== Exercise ==
Repeat every record exactly, omitting the pictures.

******************************

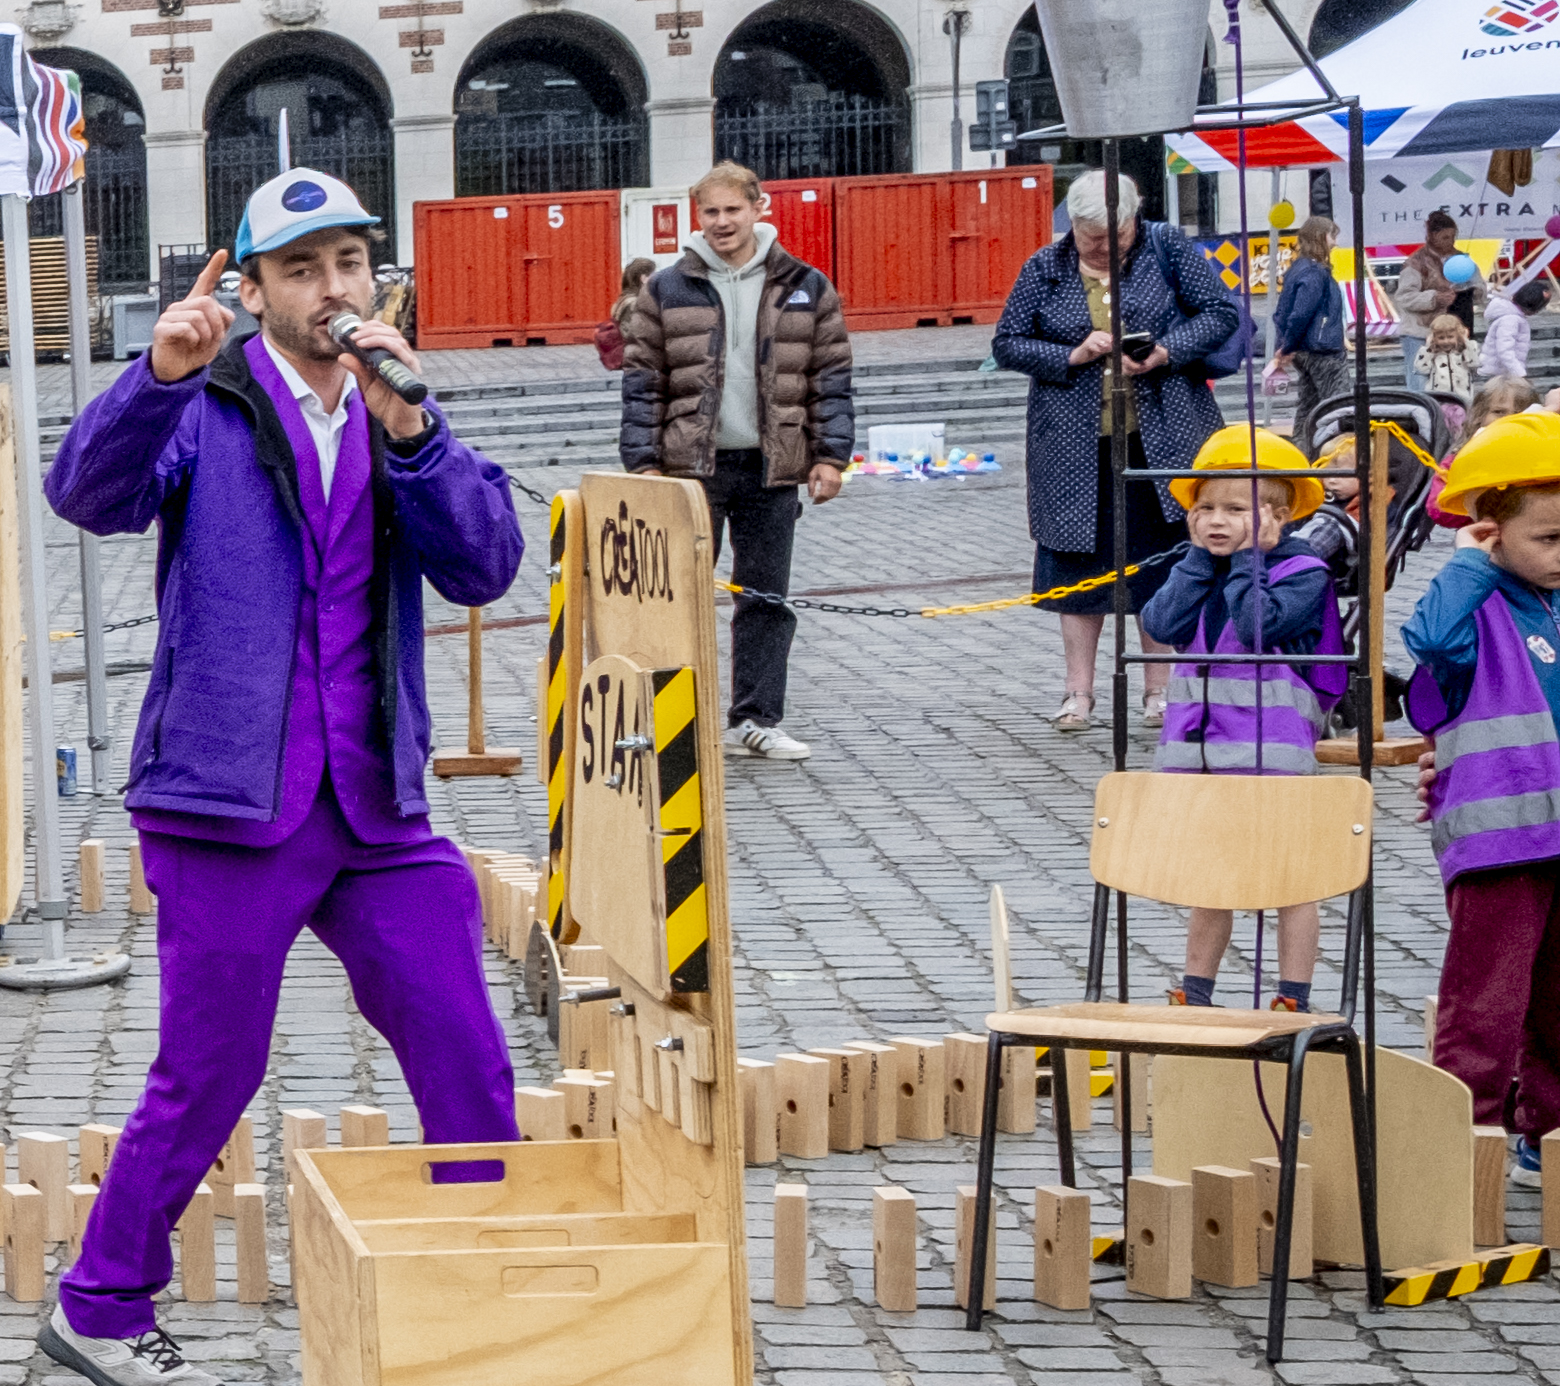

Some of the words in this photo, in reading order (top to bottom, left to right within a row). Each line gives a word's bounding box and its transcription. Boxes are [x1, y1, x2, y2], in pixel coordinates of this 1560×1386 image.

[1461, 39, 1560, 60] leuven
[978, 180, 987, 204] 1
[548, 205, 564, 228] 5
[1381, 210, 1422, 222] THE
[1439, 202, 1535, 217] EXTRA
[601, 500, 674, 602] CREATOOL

******************************

== Solution ==
Some of the words in this photo, in reading order (top to bottom, left to right within a row). Each line gives a word's bounding box and its transcription. Boxes are [x1, y1, x2, y2], in pixel coordinates of this 1560×1386 image.

[1461, 39, 1560, 60] leuven
[978, 180, 987, 204] 1
[548, 205, 564, 228] 5
[1381, 210, 1422, 222] THE
[1439, 202, 1535, 217] EXTRA
[601, 500, 674, 602] CREATOOL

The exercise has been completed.